INFORMATION GIVEN Start Marker

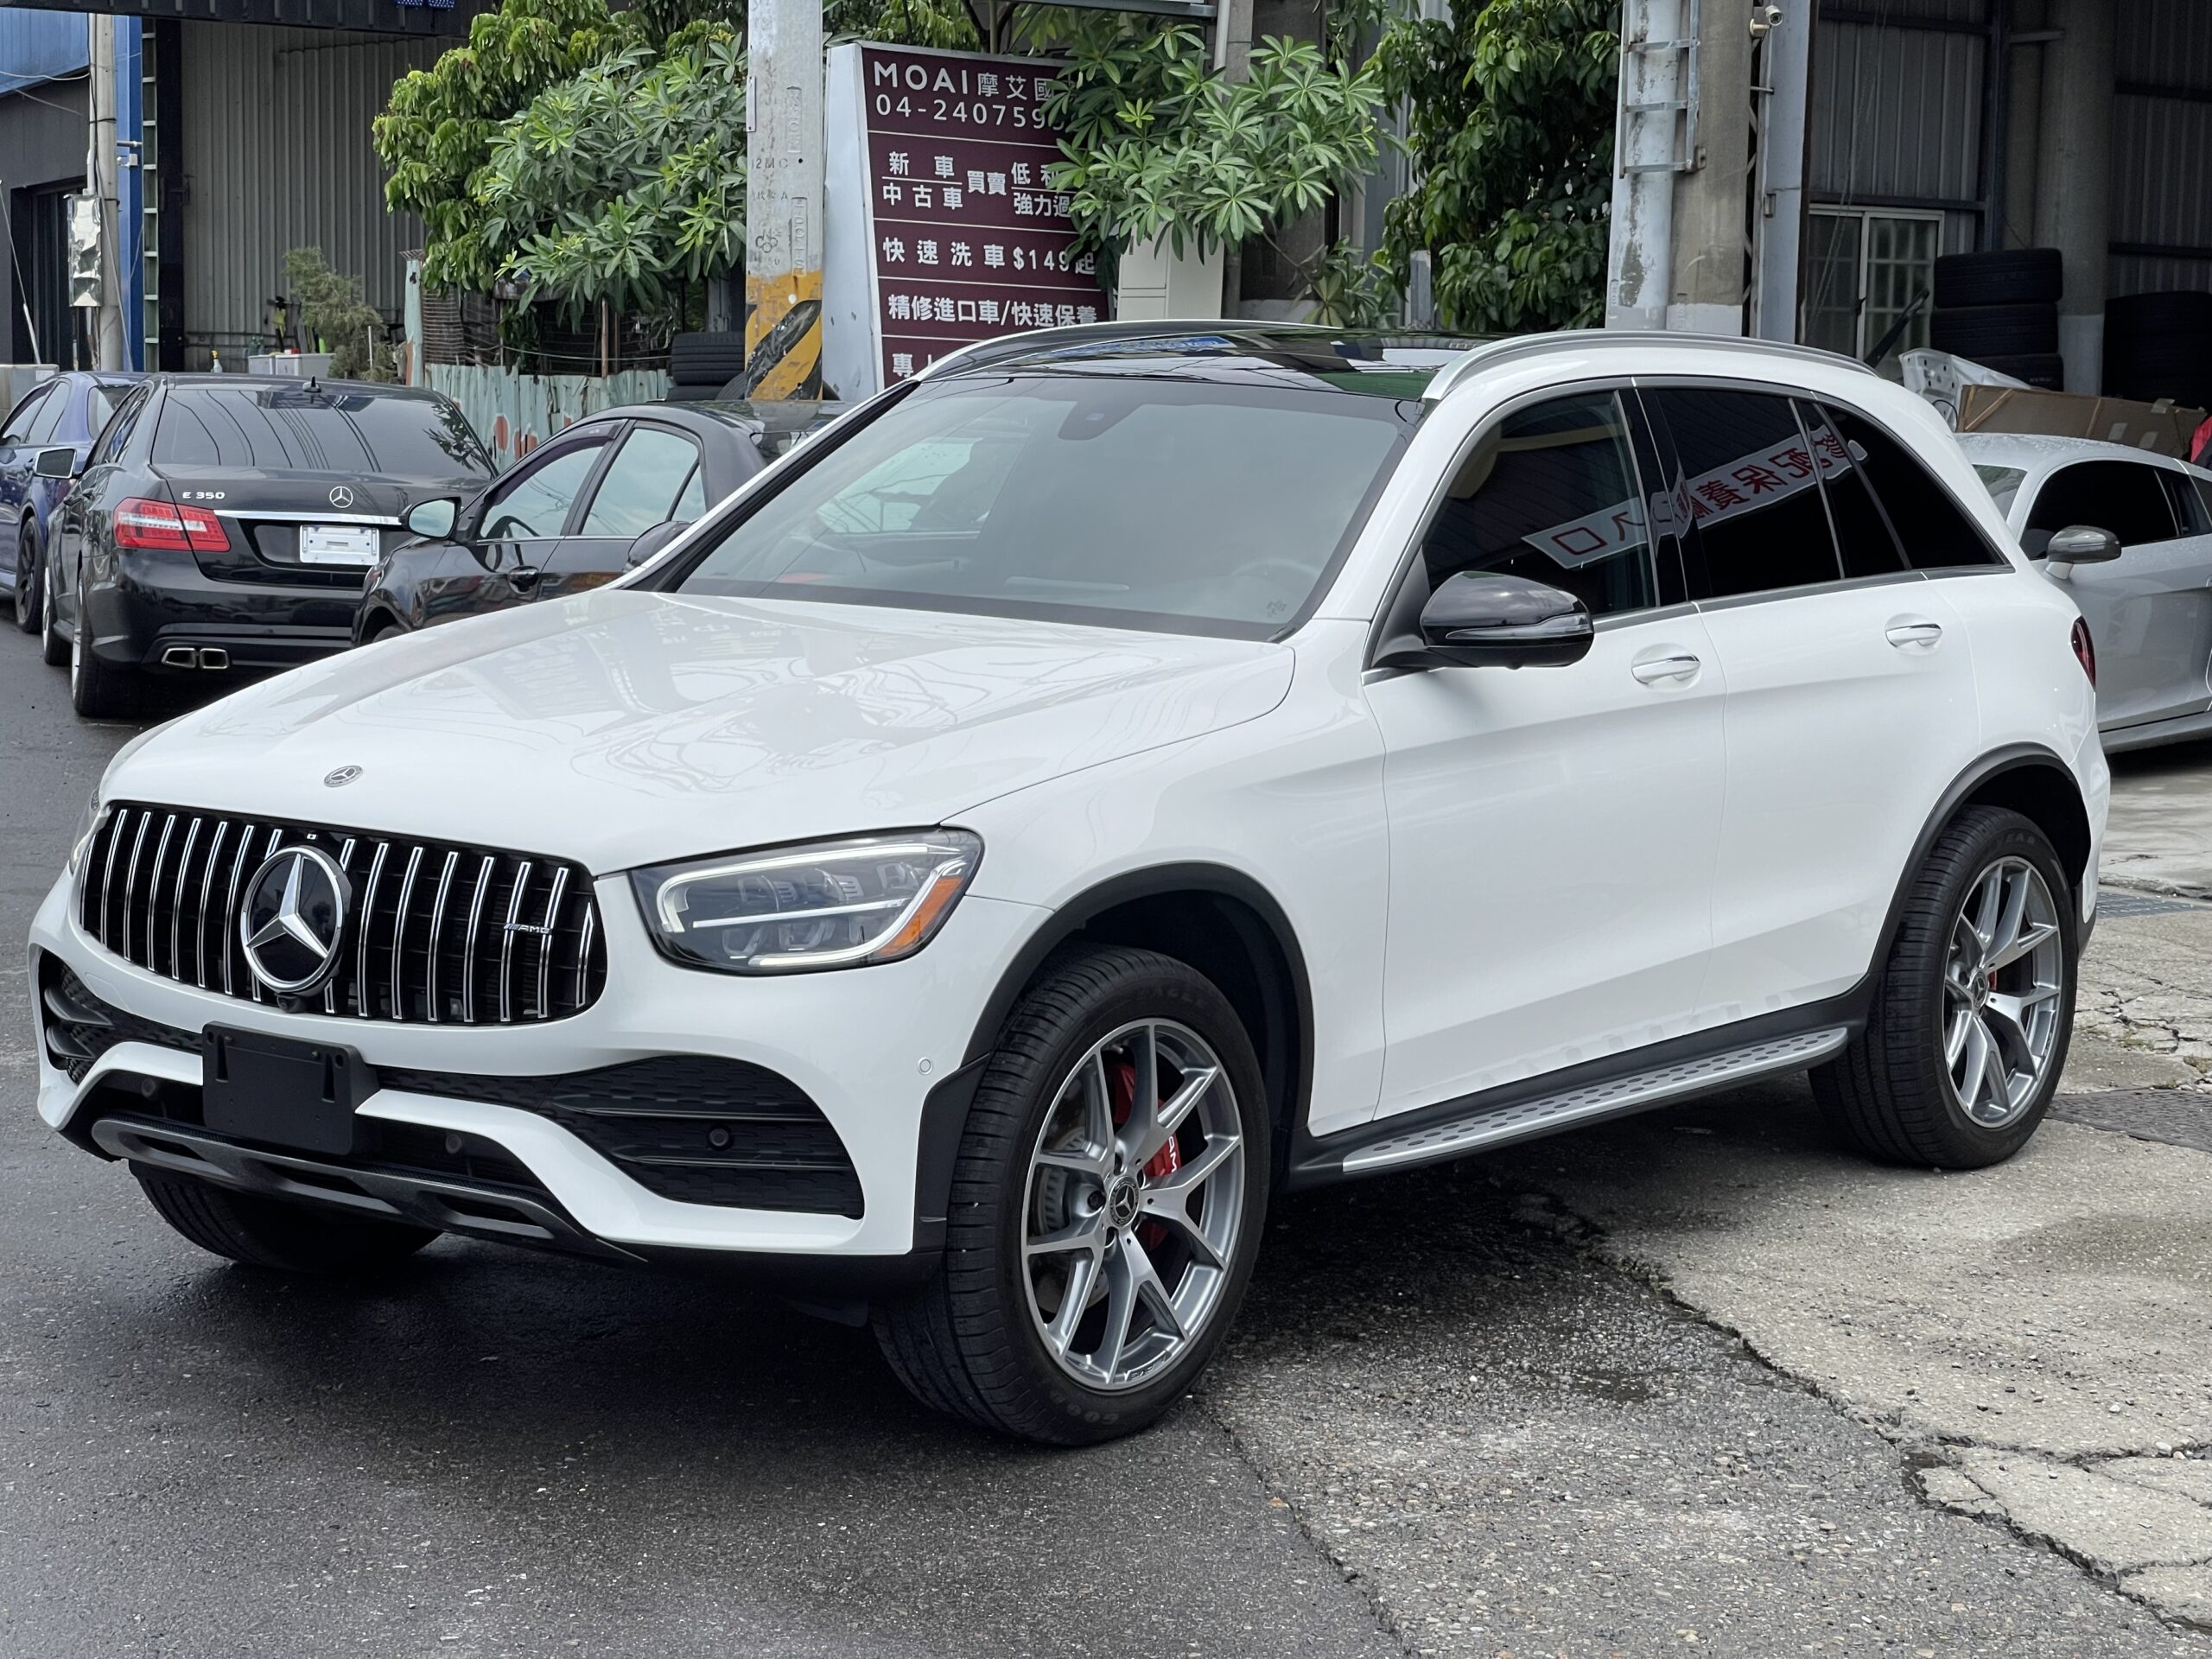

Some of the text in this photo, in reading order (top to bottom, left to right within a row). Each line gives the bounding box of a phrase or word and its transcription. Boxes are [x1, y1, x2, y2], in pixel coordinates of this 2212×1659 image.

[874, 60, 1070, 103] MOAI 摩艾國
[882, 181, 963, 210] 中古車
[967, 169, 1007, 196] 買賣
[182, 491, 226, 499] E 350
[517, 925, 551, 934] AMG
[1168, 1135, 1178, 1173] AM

INFORMATION GIVEN End Marker

- **REQUIREMENT**: Output the entries above verbatim, with no picture included.

- **RESPONSE BELOW**:
Some of the text in this photo, in reading order (top to bottom, left to right within a row). Each line gives the bounding box of a phrase or word and its transcription. Boxes are [x1, y1, x2, y2], in pixel coordinates of this 2212×1659 image.

[874, 60, 1070, 103] MOAI 摩艾國
[882, 181, 963, 210] 中古車
[967, 169, 1007, 196] 買賣
[182, 491, 226, 499] E 350
[517, 925, 551, 934] AMG
[1168, 1135, 1178, 1173] AM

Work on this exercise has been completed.